Thanks to all you teachers who have replied to my posting. I’m getting to the point where I am that busy with my post diagnosis life that I am rather wondering how I ever fitted in the time for going to work! Hope that reassures all that I am managing not being at school ok. However, I just remember very vividly the time before christmas during that first chemo cycle when 2 days in work, at christmas, would have made all the difference and how clumsy the letter was that I received from school. Think it was a standard letter supplied by County. Also am sure that it is the insurance system nationally that provides no incentive for schools to have sick teachers into work on odd days they are well. Just such a waste of talent that some light duties are not allowed as and when the teacher feels up to it. I could get so much done on department policies or our virtual learning environment or… actually what am I saying…! I’m just going to be sick quietly, and get on with the rest of my life! I see many of my students in the town, in the supermarket or similar, often as I’m out for the night, going for a drink or similar in my well weeks. As its a High School I teach at, in a very rural setting, I keep in touch with some students through bumping into them in this way. Some are children of my friends and so on. Sixth formers often in my local and year 9s in Sainsburys! They’ve been lovely.

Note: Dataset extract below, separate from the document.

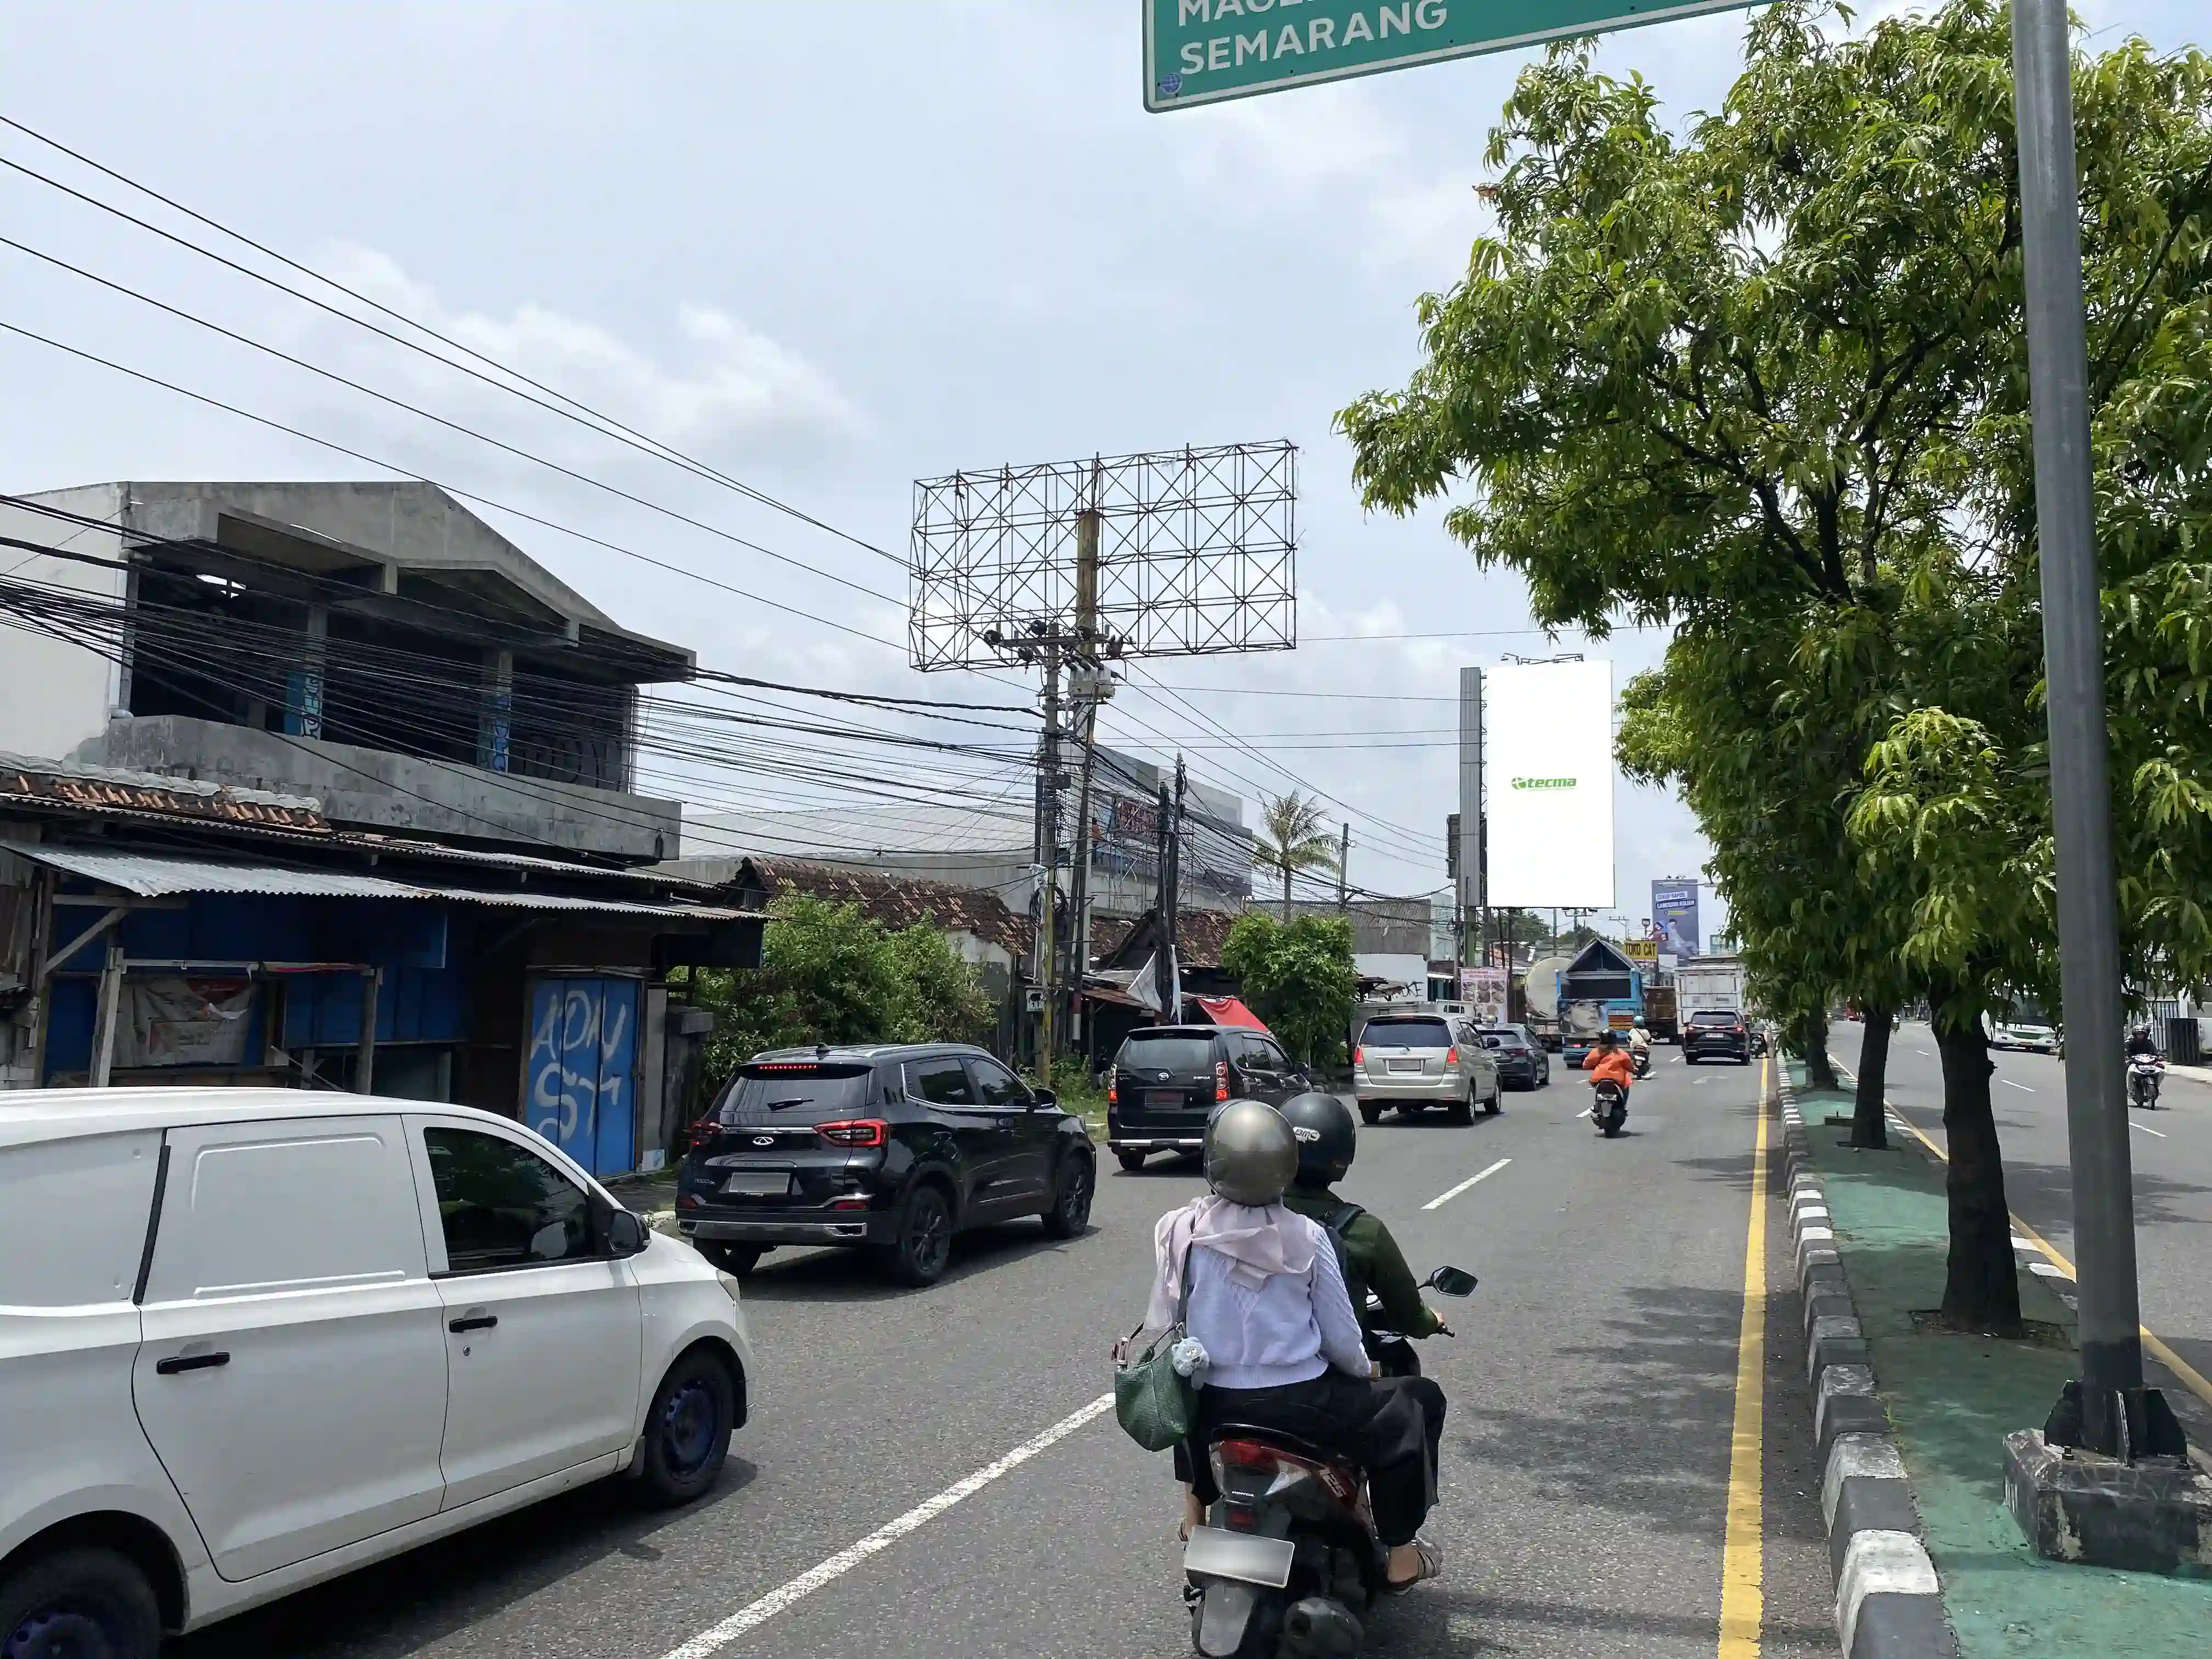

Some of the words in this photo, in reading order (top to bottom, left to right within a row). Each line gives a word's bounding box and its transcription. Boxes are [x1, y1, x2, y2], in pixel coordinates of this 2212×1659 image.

Lily, I was diagnosed mid Nov. Having 3 FEC then 3 Taxotere before surgery and then rad. Hopefully may be able to have just a lumpectomy, but open to a mastectomy if thought better nearer the time. More worried about the extent of the lymph node removal as radiologist found only one node to examine and thought that looked suspicious. Biopsies came back neg but the onc thinks its likely to be a false neg. He would prefer full clearance, but I am concerned about risk of lymphoedema. I need full use of my arms as I have crazy lifestyle, being young and single and no children of my own. I have put a wadfull of cash to one side for the summer when I get the all clear (positive thinking or what!) to do 2 things. 1. big party with money behind bar to say thanks to all my friends and 2. pilots licence in 3 weeks, going out for hours everyday. We’ll see.
Lily, you mentioned about money. I’m almost certainly going to get into half pay situation around May, but Macmillan benefits advisor coming to help fill in DLA forms on friday and I am led to believe that this is not means tested and should bring my net pay up to about the same as on full time full pay. Here’s hoping as I don’t want to eat into my party cash (just joking)!
Ladies, what we all seem to have in common is the passion and desire to be in touch with work, supported by our colleagues, learning of the progress of our youngsters, and eased back in at a slower pace than many of us have managed. I will take heed of this and when the time comes will not rush back, perhaps just bear the summer holiday timing in mind too. Perhaps a few weeks before the holidays to ease me in, then the summer hols and then the autumn term start afresh.
Does it seem to others that in teaching, you have to be off sick or fully fit and functioning, and absolutely nothing else in between? There is simply no provision for being nearly well. Nationally, I would like to see us extend the workload agreement as follows. When a classroom teacher has been off sick to the extent of requiring a sicknote (namely 7 days+) there should be a halfday PPA before any classroom contact to enable the safe and effective handover and preparation for teaching. It is such a brick wall to face return to teaching at 8.45am when you have been genuinely sick the day before. When are we supposed to prepare for the 9am lesson, or those immediately following all day?!
I really don’t seem to have accepted that I am off sick do I?!! Please laugh at me, alongside me, as I am laughing. Its also nearly 2am and I am still on here…! Good night folks and thanks for reading and replying. Its good to have friends here, even if colleagues are not allowed to be in contact for some teachers (crazy world).
Kinden, I suffered tinnitus markedly with my first chemo cycle, but this has settled down for me now. However, I can’t imagine being told it might be permanent or worse. The only solice I can offer if that you have a 5 year old to hug, and after this, I will just never get the chance. Still hoping adoption may be possible, but as a single just over 40, would this be fair on any child? You won’t want my pity so instead have my love and caring. Sweet dreams people.